__WHAT TO WORK ON__. Restate every record word for word, without the pictures.

__Saved data entries__.

+-------+

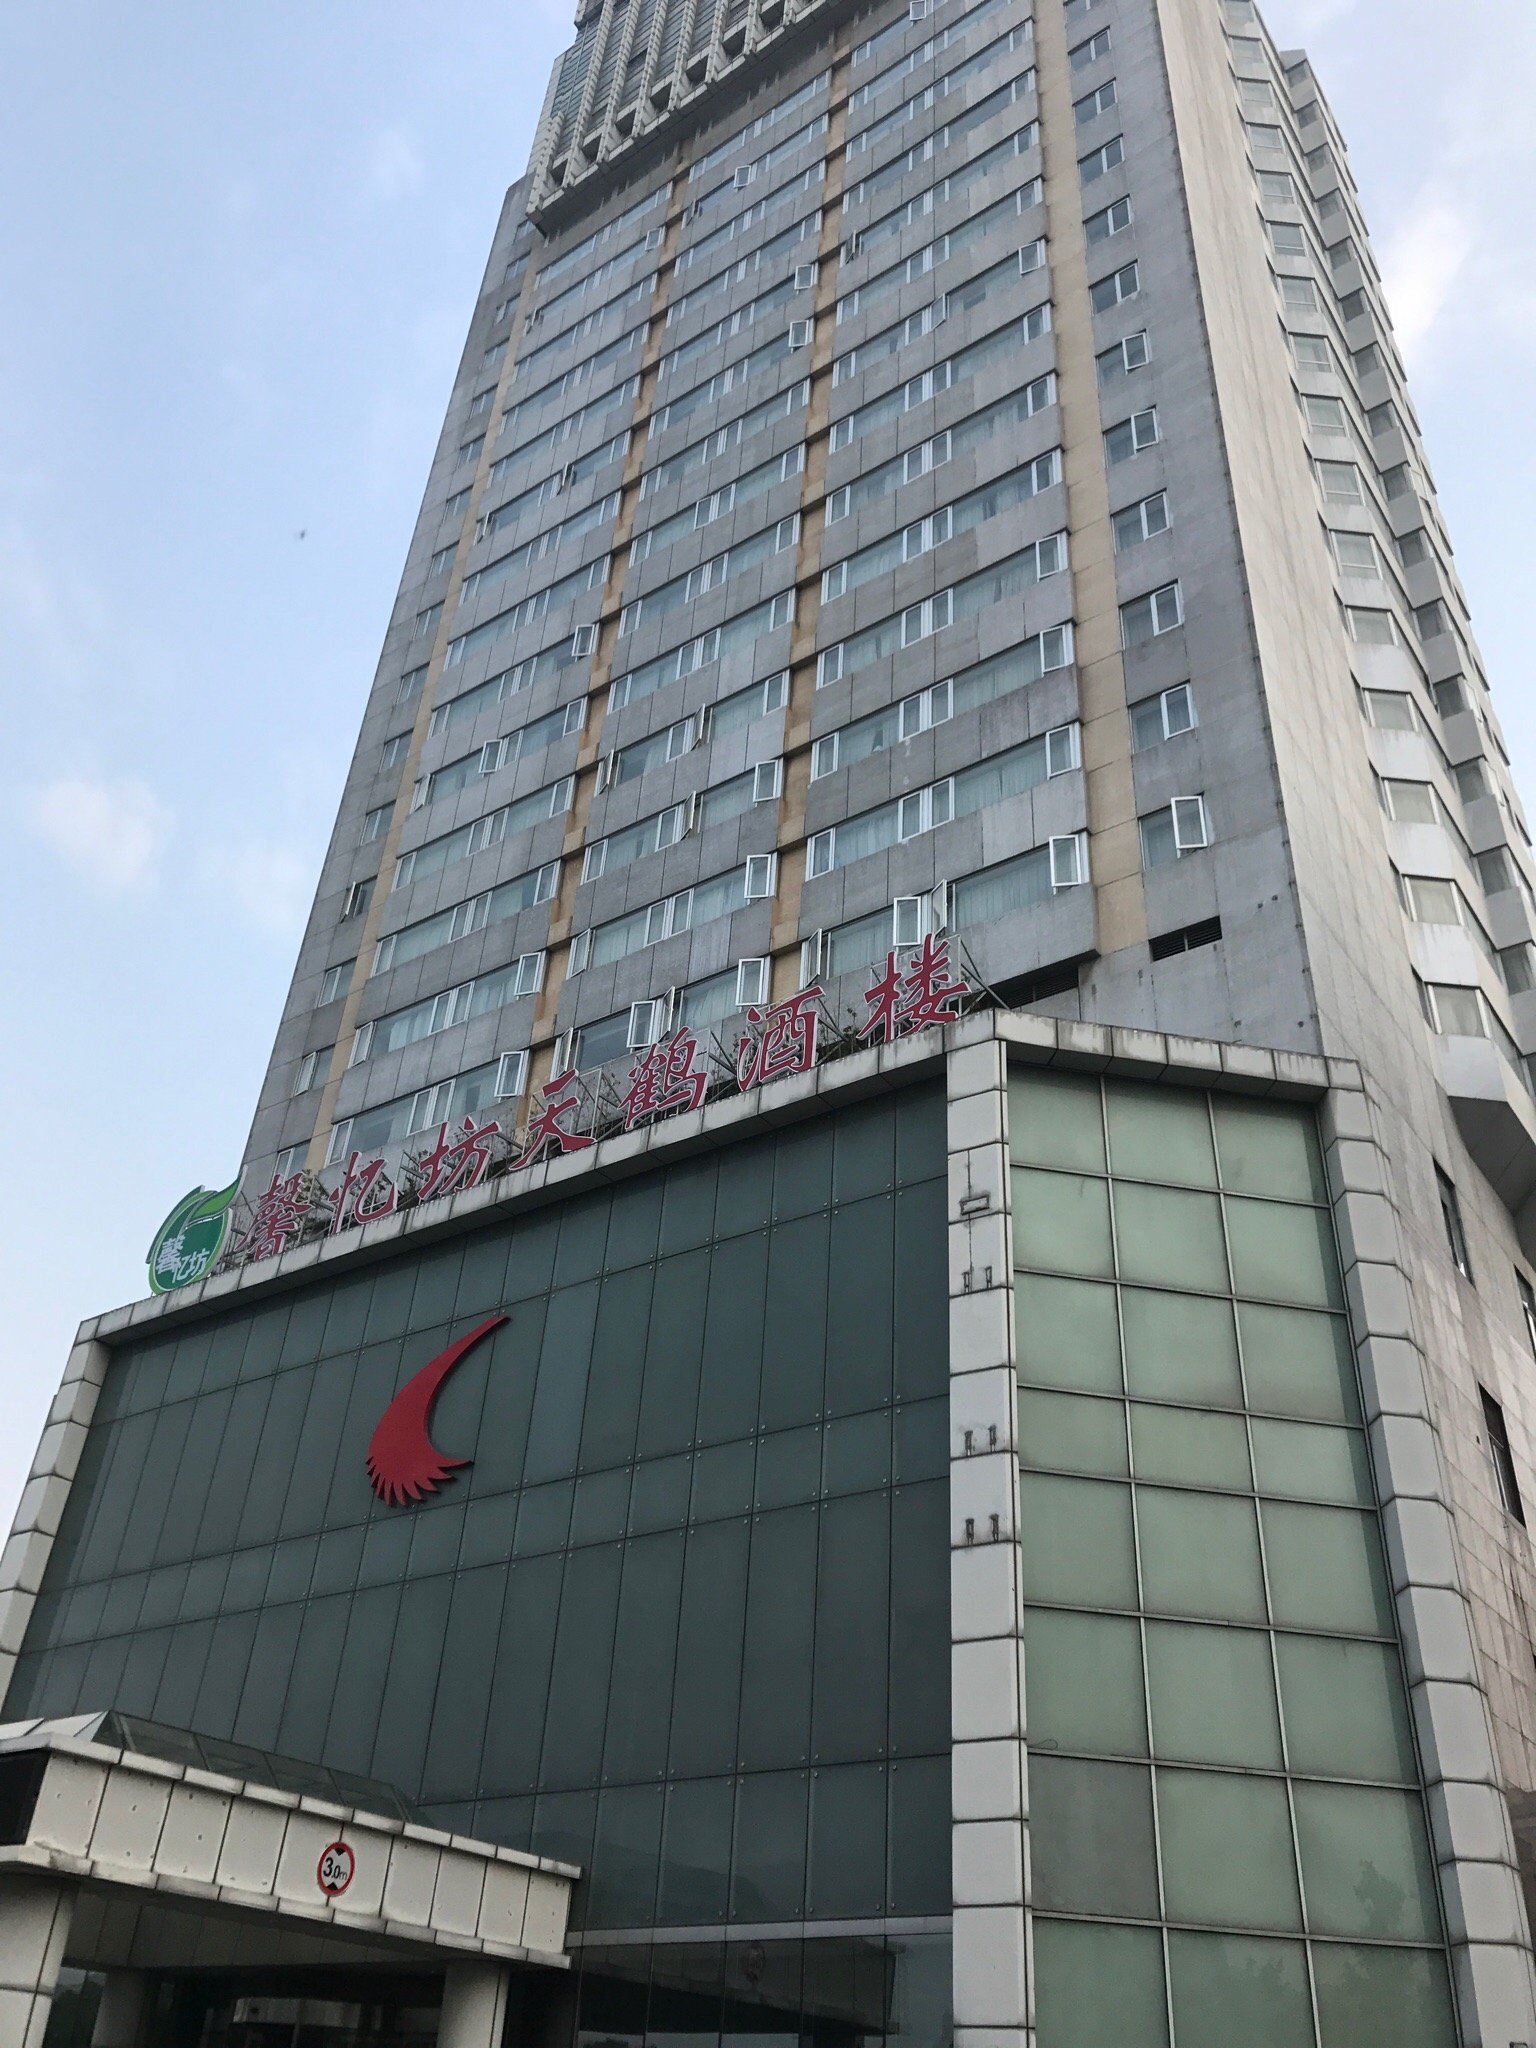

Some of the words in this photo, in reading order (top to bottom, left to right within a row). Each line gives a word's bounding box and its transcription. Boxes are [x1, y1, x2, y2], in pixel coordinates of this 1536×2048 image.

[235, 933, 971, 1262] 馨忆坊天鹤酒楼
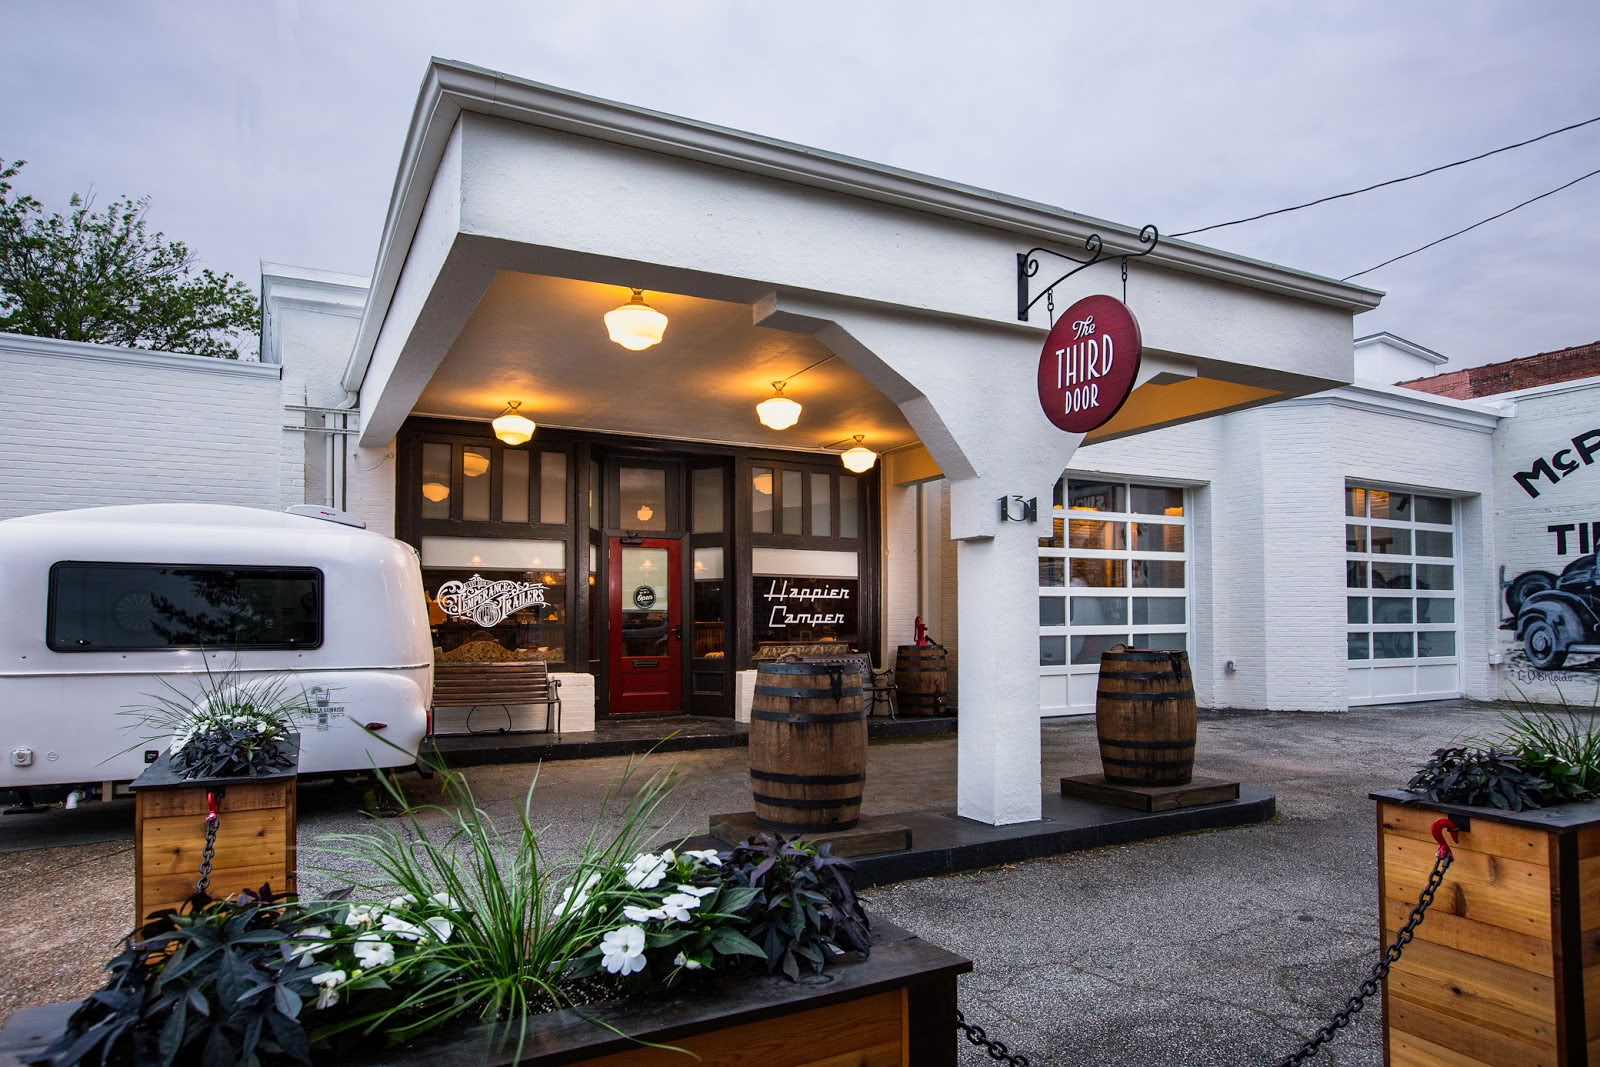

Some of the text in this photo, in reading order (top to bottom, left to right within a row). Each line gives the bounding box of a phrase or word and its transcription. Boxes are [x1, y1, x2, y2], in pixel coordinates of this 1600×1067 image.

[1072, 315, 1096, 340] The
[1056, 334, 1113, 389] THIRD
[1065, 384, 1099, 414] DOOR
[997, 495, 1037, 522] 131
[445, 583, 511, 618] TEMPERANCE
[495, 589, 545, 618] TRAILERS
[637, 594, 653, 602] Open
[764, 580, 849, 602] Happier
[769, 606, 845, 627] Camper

+-------+

__WRITTEN RESPONSE__.
Some of the words in this photo, in reading order (top to bottom, left to right within a row). Each line gives a word's bounding box and its transcription. Boxes are [x1, y1, x2, y2], in pixel coordinates of this 1536×2048 image.

[235, 933, 971, 1262] 馨忆坊天鹤酒楼

Some of the text in this photo, in reading order (top to bottom, left to right within a row). Each line gives the bounding box of a phrase or word and its transcription. Boxes are [x1, y1, x2, y2], in pixel coordinates of this 1600×1067 image.

[1072, 315, 1096, 340] The
[1056, 334, 1113, 389] THIRD
[1065, 384, 1099, 414] DOOR
[997, 495, 1037, 522] 131
[445, 583, 511, 618] TEMPERANCE
[495, 589, 545, 618] TRAILERS
[637, 594, 653, 602] Open
[764, 580, 849, 602] Happier
[769, 606, 845, 627] Camper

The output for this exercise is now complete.